One of the highlights in an otherwise surreal week was the excellent online conference ‘Accelerating Woodland Creation’ hosted by the Ecosystems Knowledge Network (EKN).
Despite restrictions that resulted in the conference and interactive workshops having to be delivered completely online, the energy and enthusiasm of the EKN team, and in particular their director Bruce Howard, succeeded in bringing together an event of the highest quality, with a fabulous diversity of contributors and debate.
Scope and Challenges
The conference brought together leaders across the sector including contributions from:-
- Rt. Hon. Lord Goldsmith (Forestry Minister);
- Sir William Worsley (Chairman Forestry Commission); and
- Richard Greenhous (Director of Forest Services Forestry Commission England).
The aim was to provide a forum to discuss the policy ambition to achieve some 10,000ha of tree planting and woodland creation in England by the end of the current parliament.
Lockhart Garratt Input
Our chairman John Lockhart was delighted to provide the keynote address to consider “The Business of Woodland Creation”. A copy of his presentation can be downloaded here, and a full video of the talk should be published shortly and will be accessible through our website.
The balance of the day was structured around a series of interactive workshops addressing the key challenges:-
- Building Confidence in the Business of Woodland Creation;
- Woodland Creation in and Around Urban Areas;
- National Capability for Accelerating Woodland Creation and Management; and
- Accelerating Woodland Creation – A Blueprint for Action
Between these sessions delegates were addressed and able to present questions to both the Forestry Minister and the Chairman of the Forestry Commission.
Key Messages and Outcomes
Despite the huge breadth of inputs and discussions across the day, some key themes and messages did start to emerge.

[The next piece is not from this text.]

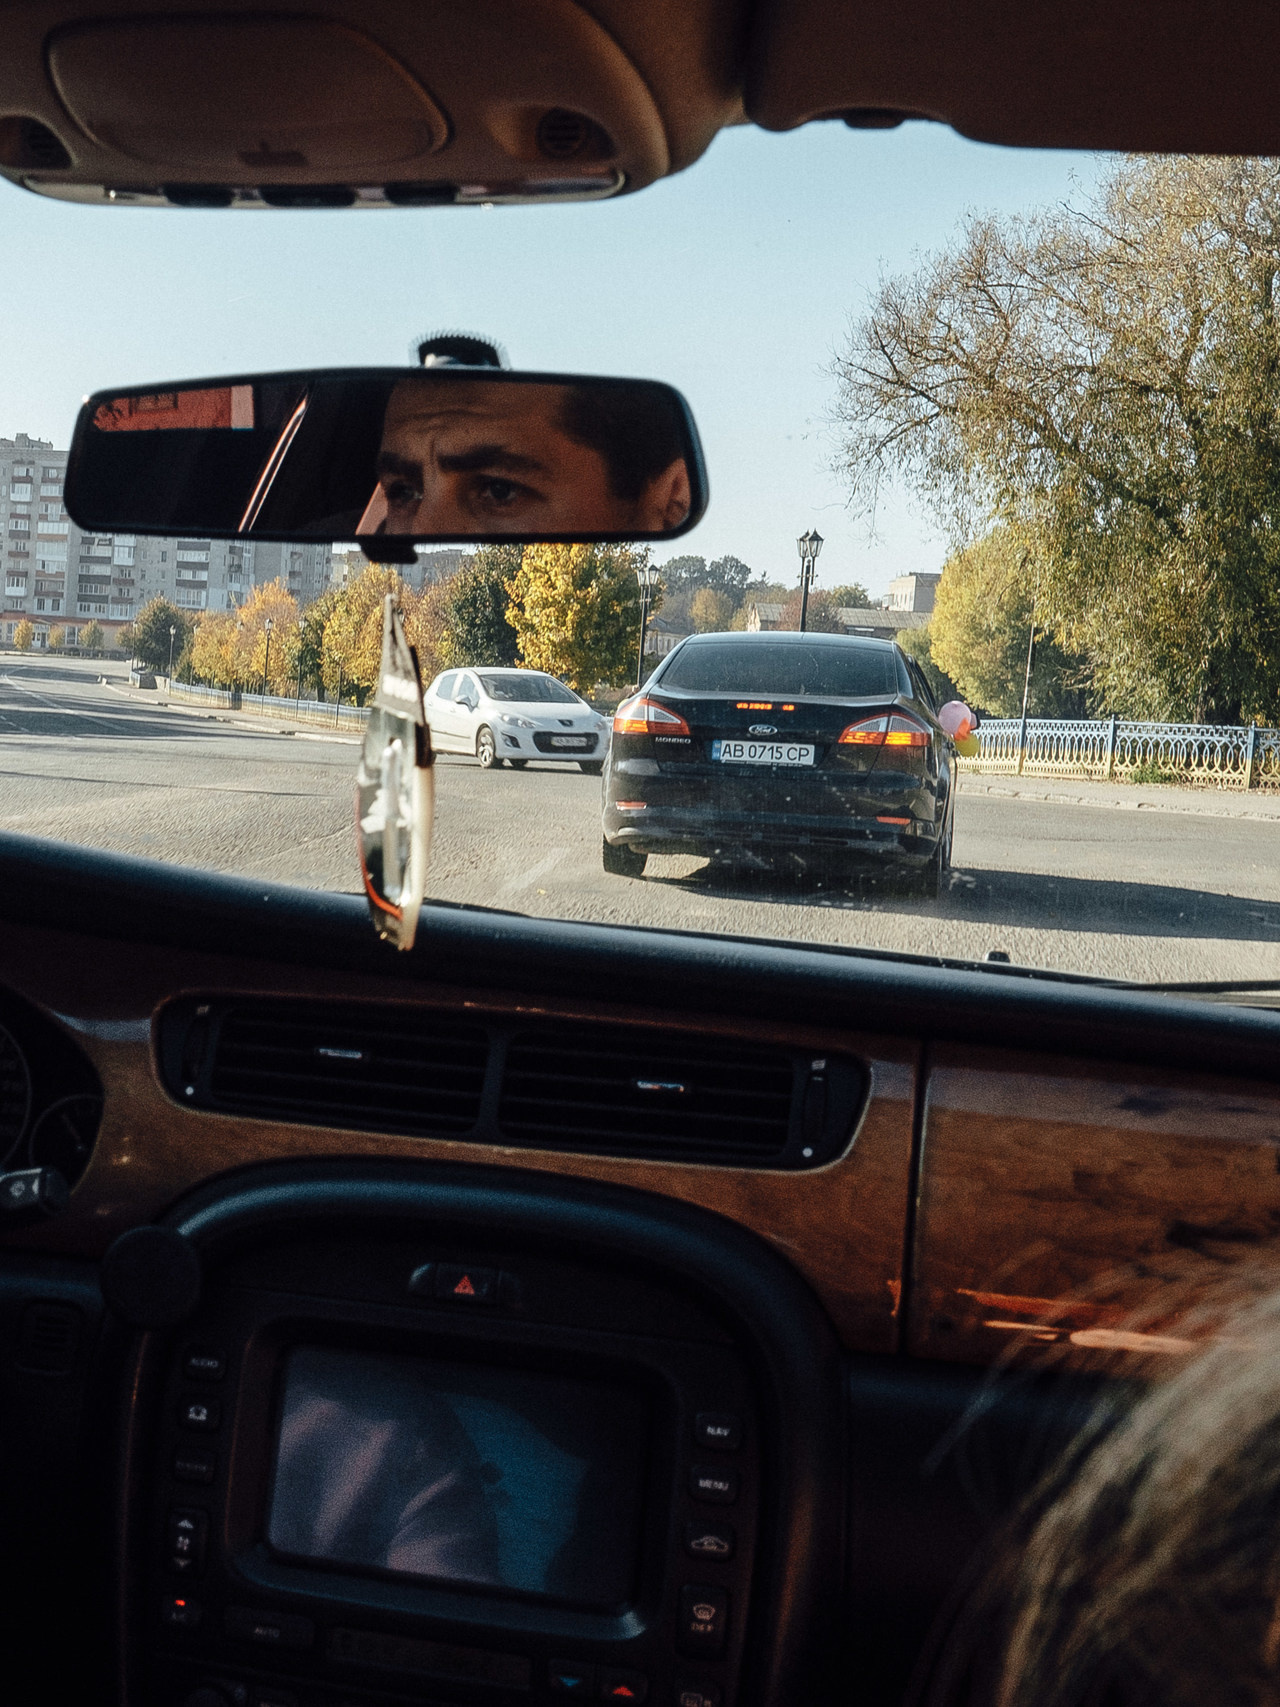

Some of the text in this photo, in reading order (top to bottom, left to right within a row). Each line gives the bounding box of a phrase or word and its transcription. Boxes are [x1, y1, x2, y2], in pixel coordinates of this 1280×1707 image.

[722, 743, 810, 761] AB 0715 CP
[705, 1425, 730, 1437] NAV
[698, 1478, 729, 1491] MENU

- Leadership: Lessons from Scotland’s recent woodland creation successes consistently point to the need for commitment and leadership from the top, and it was vastly encouraging to hear the passion and consistency of message from Lord Goldsmith, Sir William and Richard Greenhous. The message to the sector was to challenge and support government and the Commission to meet our shared objectives.
- Support: It was acknowledged by all that support through both policy and grant funding will be critical with woodland needing to claim a significant share of the recently announced £640million Nature for Climate fund.
- Investment: Opportunities for private sector blended finance to support government grant funding will be critical. Private sector investment funds need scale and all parties will need to work to find vehicles that can meet these requirements.
- Land : Nothing can move forward without land to plant and whilst there are huge cultural challenges to shift, in particular agricultural land into woodland, Scotland has proven that it can be done and the current shift in agricultural policy away from production support offers a unique opportunity. In addition to this we need to be thinking about the possible contribution for old mineral and landfill sites. Landfill sites alone extend to some 140,000ha or 0.85% of the land area of England and Wales. Mapping of land suitable for woodland creation will be key.
- Resources: It will be critical to have the right skills and resources, both within the Forestry Commission as regulator and within the private sector to secure delivery. We need to widen forestry skills and understanding in to the agriculture and landowning sectors.
- Policy: Forestry and woodland are a long term commitment and a secure and long term policy framework will be crucial.
- Culture: The wider benefits and value of woodland and forestry need to be more widely promoted and understood and we need to develop a robust woodland culture.
- Business: Forestry and woodland creation need to be established as a real business opportunity for the landowning sector, with the true value of the long term (permanent) benefits in terms of public goods such as water quality, flood prevention, carbon sequestration and material substitution, air quality, landscape and health and wellbeing, available to be captured by landowners and investors.
In the current strange and unnerving times it was wonderful to be able to be able to focus our minds on the positive and long term benefits that new woodland could bring, and ones that will be with us long after the current Coronavirus outbreak is just a distant memory.